In your copy, reproduce the entries exactly as they are, minus the images.

(Data supplied)

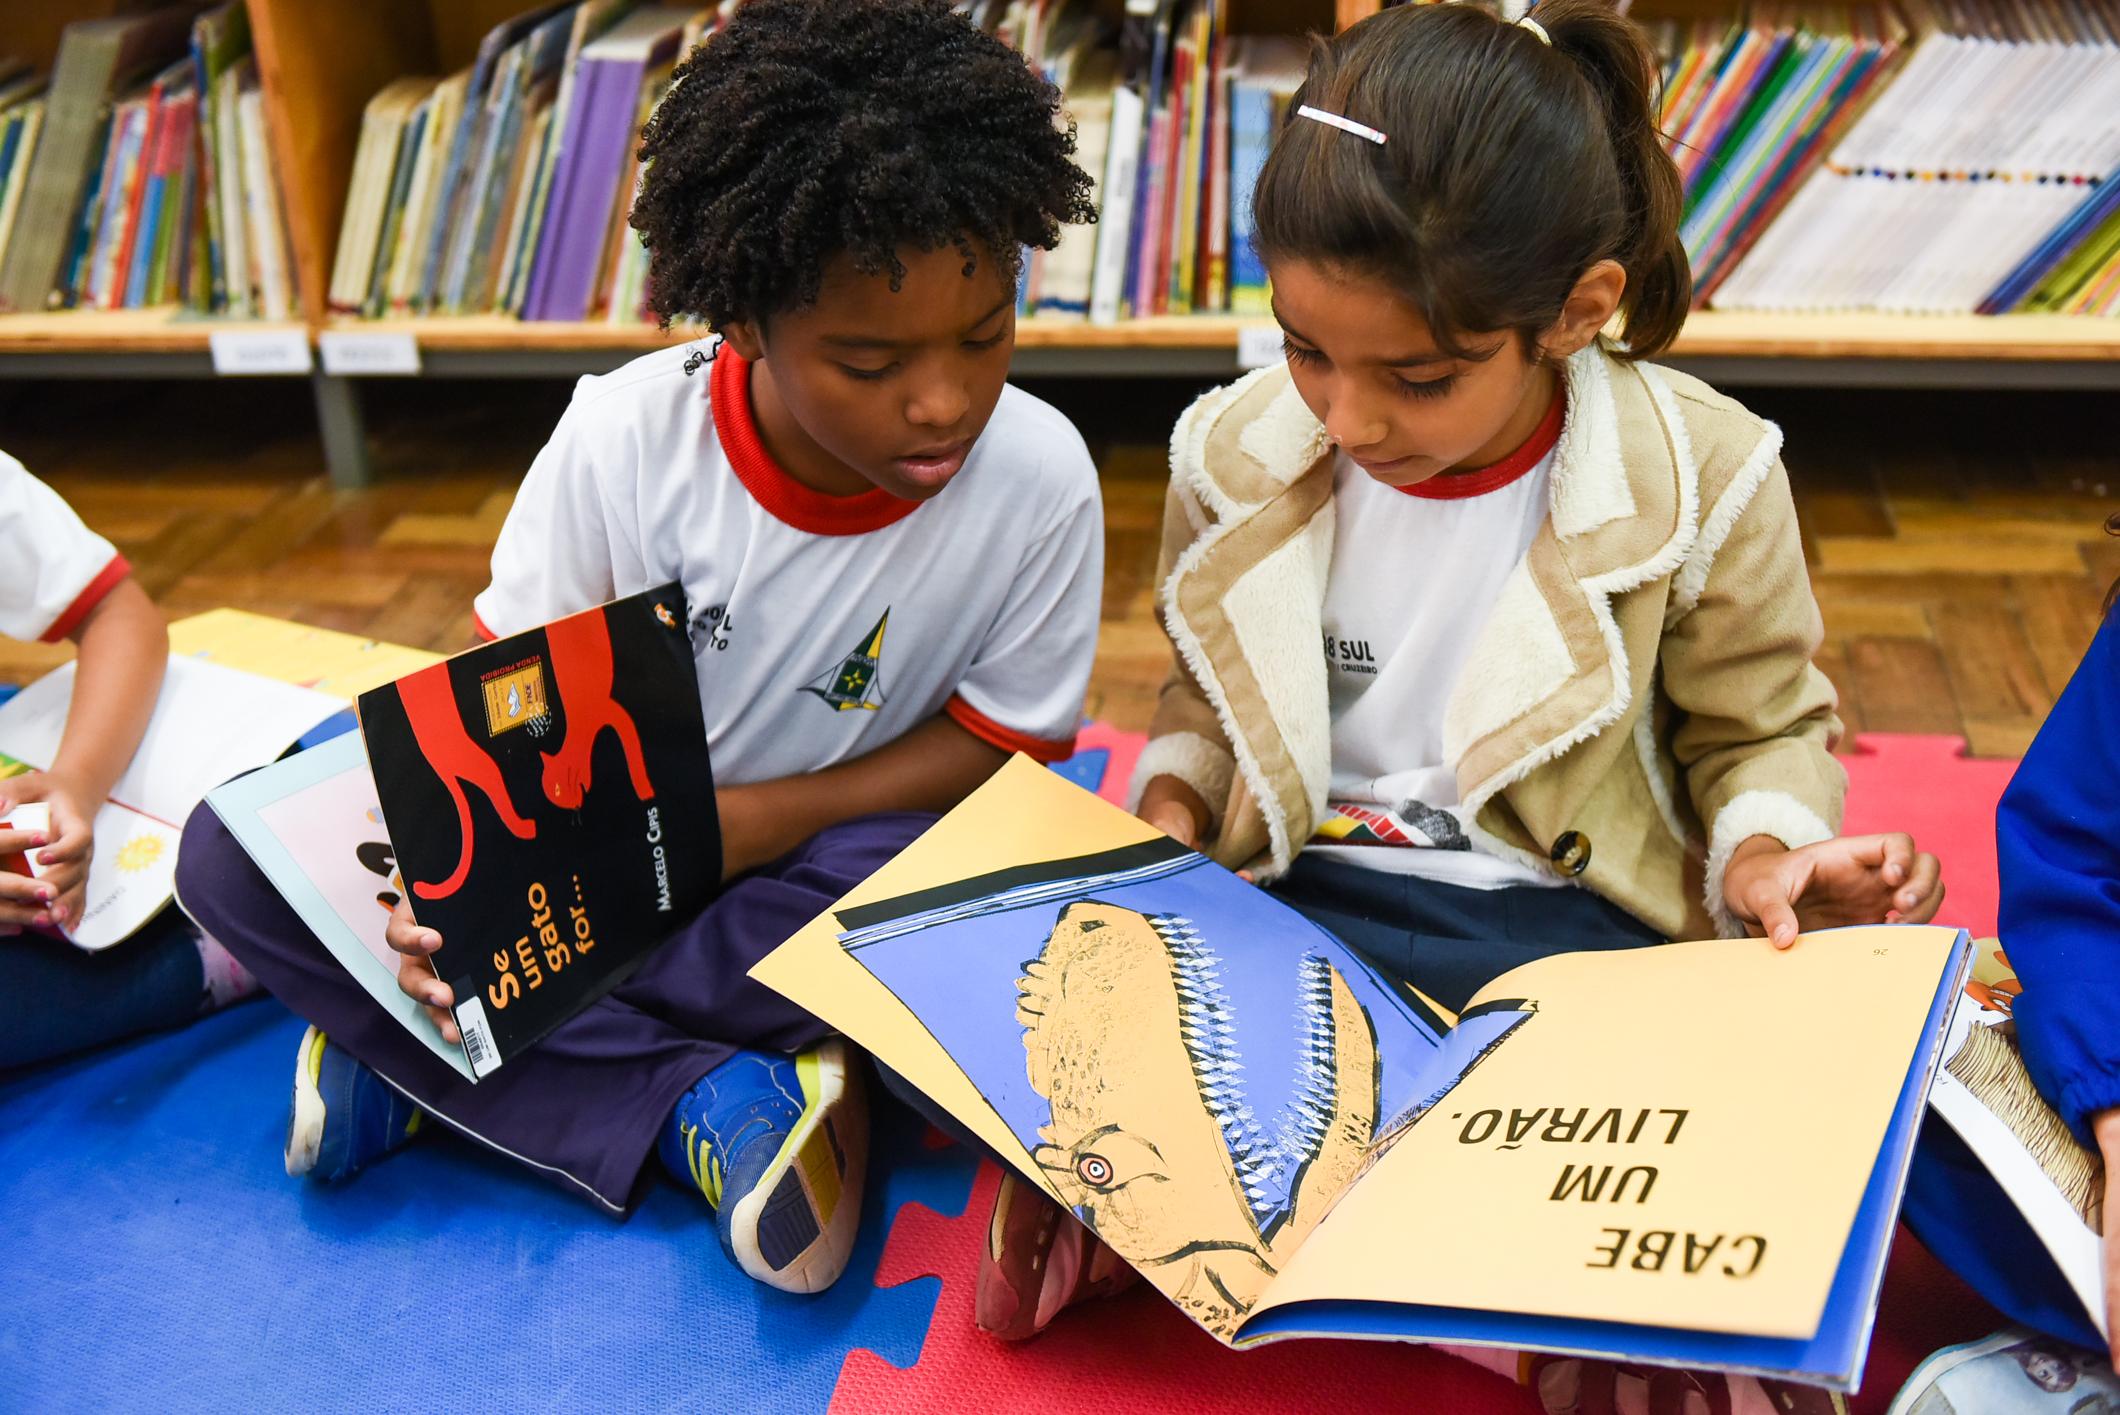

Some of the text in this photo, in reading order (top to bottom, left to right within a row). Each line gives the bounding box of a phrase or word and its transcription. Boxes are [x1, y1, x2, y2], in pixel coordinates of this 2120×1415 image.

[480, 664, 516, 682] PROIBIDA
[1339, 640, 1376, 662] SUL
[1340, 663, 1378, 675] CRUZEIRO
[646, 807, 671, 912] MARCELO CIPIS
[528, 882, 571, 972] gato
[489, 948, 521, 1010] Se
[515, 935, 543, 990] um
[1451, 1107, 1690, 1151] LIVRÃO.
[1549, 1164, 1659, 1204] UM
[1586, 1226, 1769, 1279] CABE

(End Data supplied)

| Answer to this problem |
Some of the text in this photo, in reading order (top to bottom, left to right within a row). Each line gives the bounding box of a phrase or word and its transcription. Boxes are [x1, y1, x2, y2], in pixel coordinates of this 2120×1415 image.

[480, 664, 516, 682] PROIBIDA
[1339, 640, 1376, 662] SUL
[1340, 663, 1378, 675] CRUZEIRO
[646, 807, 671, 912] MARCELO CIPIS
[528, 882, 571, 972] gato
[489, 948, 521, 1010] Se
[515, 935, 543, 990] um
[1451, 1107, 1690, 1151] LIVRÃO.
[1549, 1164, 1659, 1204] UM
[1586, 1226, 1769, 1279] CABE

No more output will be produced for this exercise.